Serena does not have to be the epitome of calmness, kindness, and sportsmanship. She already has the extreme pressure of being a black woman in a white sport, consistent drug testing that no other tennis player seems to face or the policing of her body by the banning of the catsuit which she wore for health reasons which the president of the French Tennis Association stated, “I think that sometimes we’ve gone too far,” Giudicelli said, according to The Associated Press. He specifically mentioned Williams’ outfit and declared: “It will no longer be accepted. One must respect the game and the place.”. Those health reasons were blood clots after giving birth to her daughter and getting a terrible medical issue that almost killed her as it kills many black women. Black moms are dying at terribly high rates as written about in “Why America’s Black Mothers and Babies Are in a Life-or-Death Crisis” and “Maternal Mortality and the Devaluation of Black Motherhood”. These are just two examples of a situation that is killing black mothers yet many do not think race is a factor and if you ask those within the medical field, they will say that they do not treat patients differently or that they have no biases, yet the data doesn’t lie, and in “Black Mothers Keep Dying After Giving Birth. Shalon Irving’s Story Explains Why”, Nina Martin explains that a black woman is 22 percent more likely to die from heart disease than a white woman, 71 percent more likely to perish from cervical cancer, but 243 percent more likely to die from pregnancy- or childbirth-related causes. In a national study of five medical complications that are common causes of maternal death and injury, black women were two to three times more likely to die than white women who had the same condition.
This is all to say that race matters, gender matters, race matters, gender matters. We cannot have conversations on controversies within tennis or any other sports and take away gender and race because the oppressions and affects of the “isms” or biases are all too real. As Boler stated above, power inequities institutionalized through economics, gender roles, social class, and corporate-owned media ensure that all voices do not carry the same weight. Within Western democracies, different voices pay different prices for the words they choose to utter.

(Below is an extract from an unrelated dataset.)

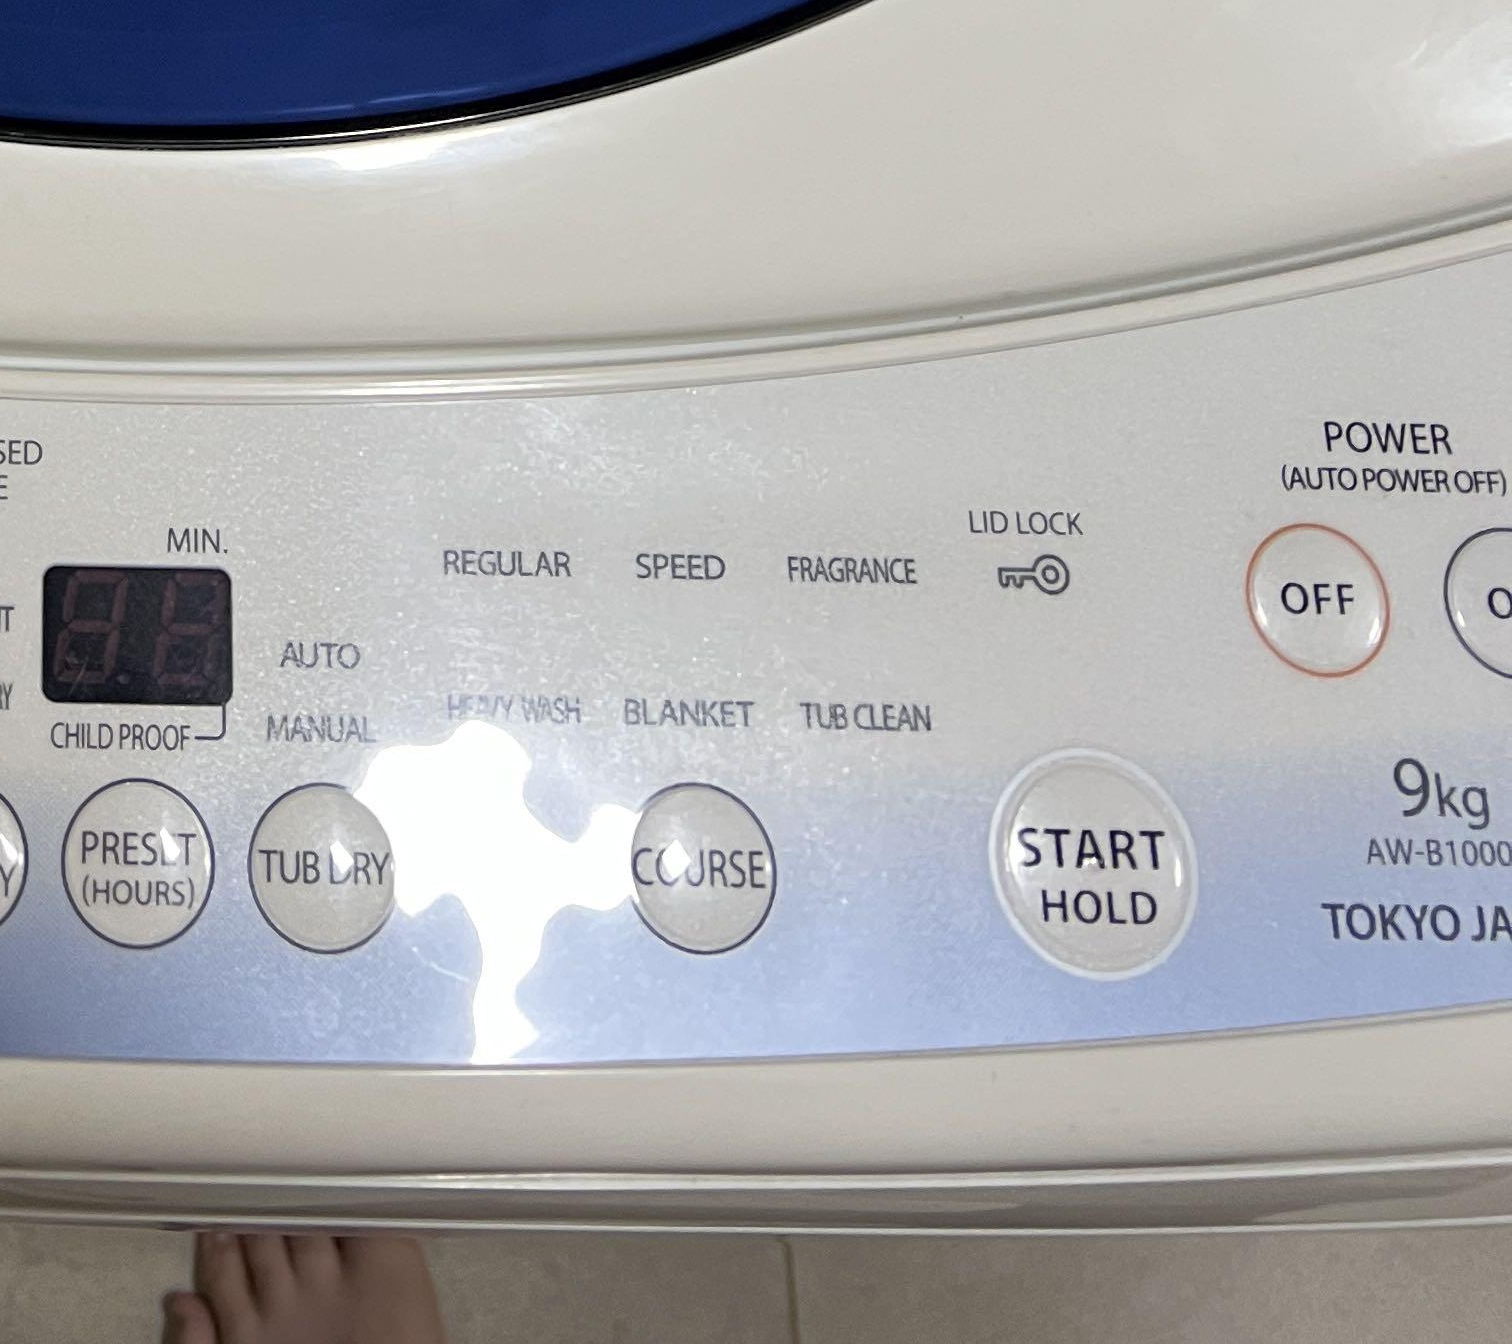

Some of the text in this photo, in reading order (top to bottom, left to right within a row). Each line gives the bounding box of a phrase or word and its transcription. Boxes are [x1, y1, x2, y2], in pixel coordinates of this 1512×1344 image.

We have to accept that if we want all voices to carry the same weight. Ignoring the differences will not only allow oppression and the “isms” to continue, they will allow them to flourish under the guise of “if she didn’t do x then y wouldn’t have happened”. Let’s be better than that, its time to start acknowledging the “isms” not only occurring within Tennis, but are occurring within the world. Just because you do not want to acknowledge the voices of those who are living with those experiences does not mean they cease to exist, instead they become more rampant because silence equals complicit.